Although leaders are concerned with collective success, most organizations—from sports teams to universities to global companies—still focus on rewarding individual performance. The majority of Fortune 500 companies reward the most productive individuals, not the most effective groups or indispensable group members. We believe that leaders at these organizations are overlooking something fundamental about human nature—our tribalism.
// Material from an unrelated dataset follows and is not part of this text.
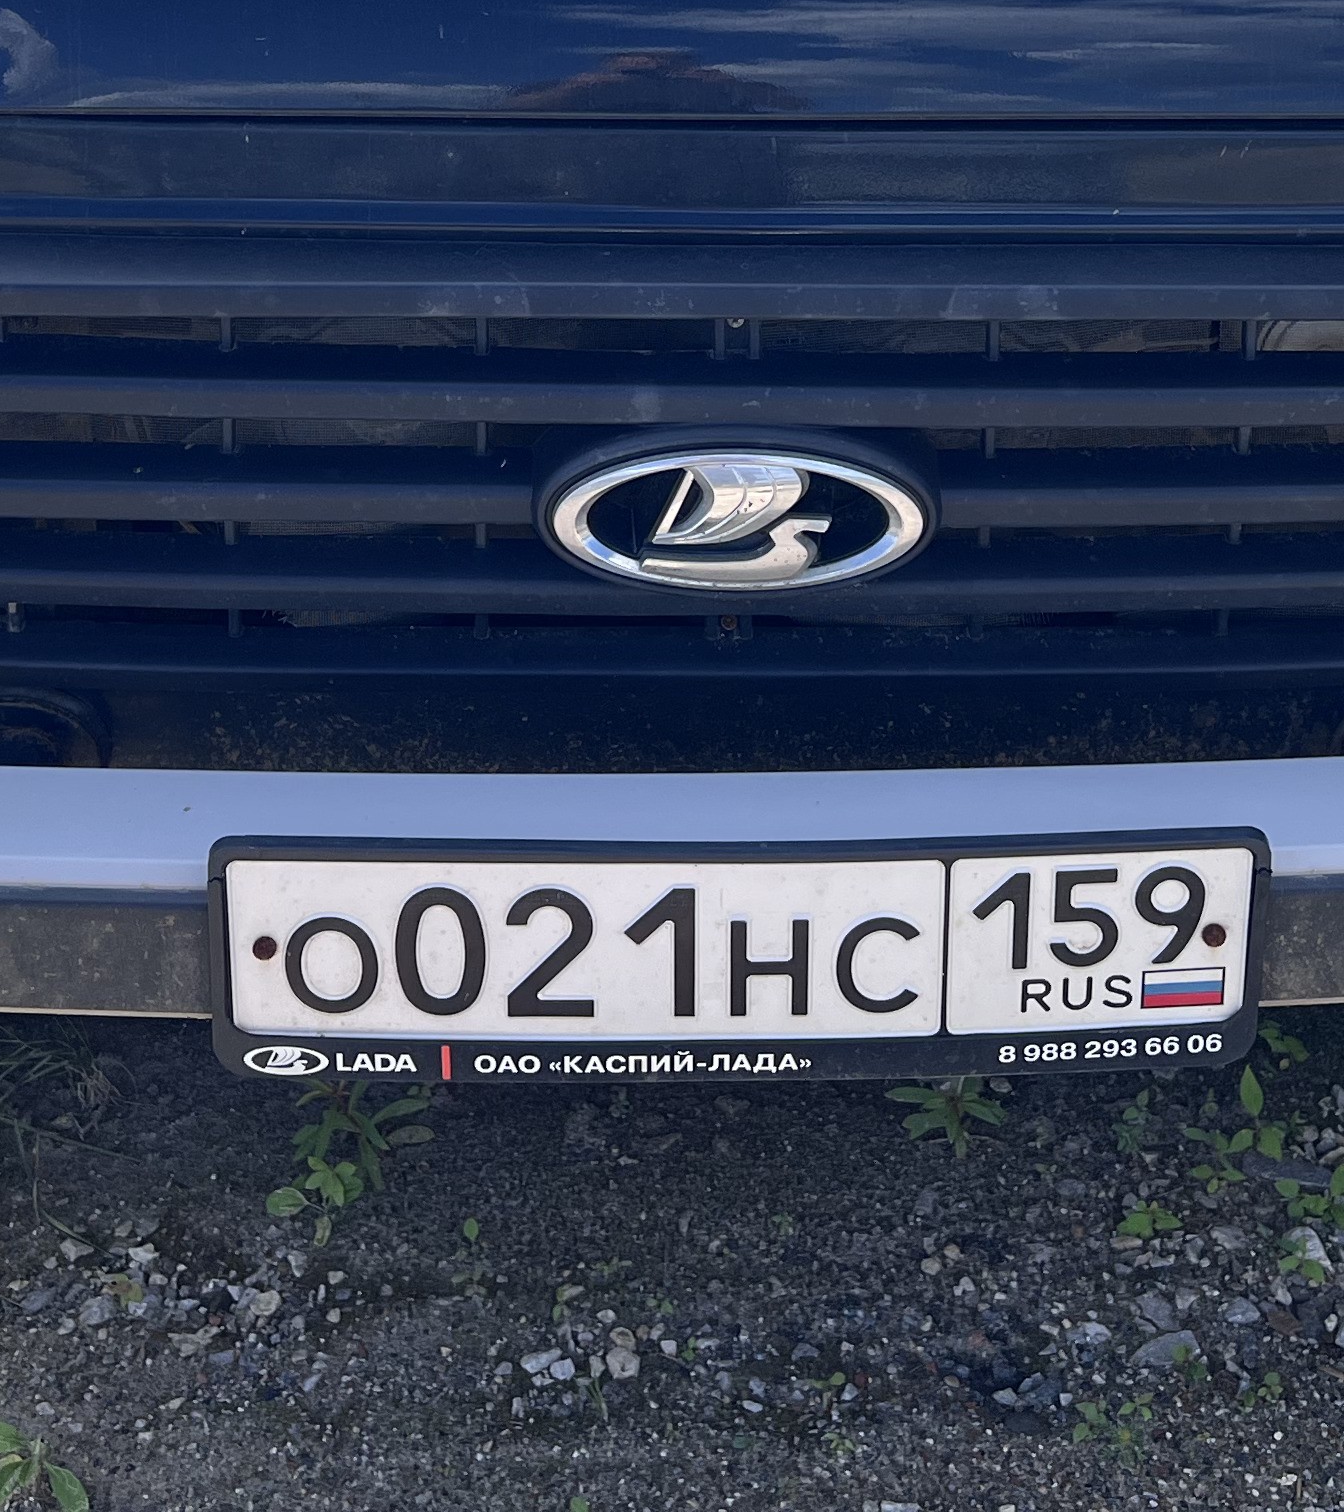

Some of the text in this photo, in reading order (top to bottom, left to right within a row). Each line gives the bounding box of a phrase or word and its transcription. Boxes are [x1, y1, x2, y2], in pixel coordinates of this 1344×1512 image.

Human beings evolved in groups, and most of us still work in groups every day. Our affinity for groups is wired deeply into our basic biology. Indeed, humans are unique among primates in that we readily cooperate with in-group members–even if they are completely unknown to us. This is why sports fans can show up to a stadium and immediately share common purpose with 100,000 complete strangers. Even more striking, research in our labs has found that the simple act of joining a group can produce a dramatic influence on brain function and behavior. At the mere flip of a coin, people readily befriend and place their trust in fellow in-group members. And our research has found that creating mixed-race groups can override implicit racial bias. Group identification is one ingredient that can bring strangers together.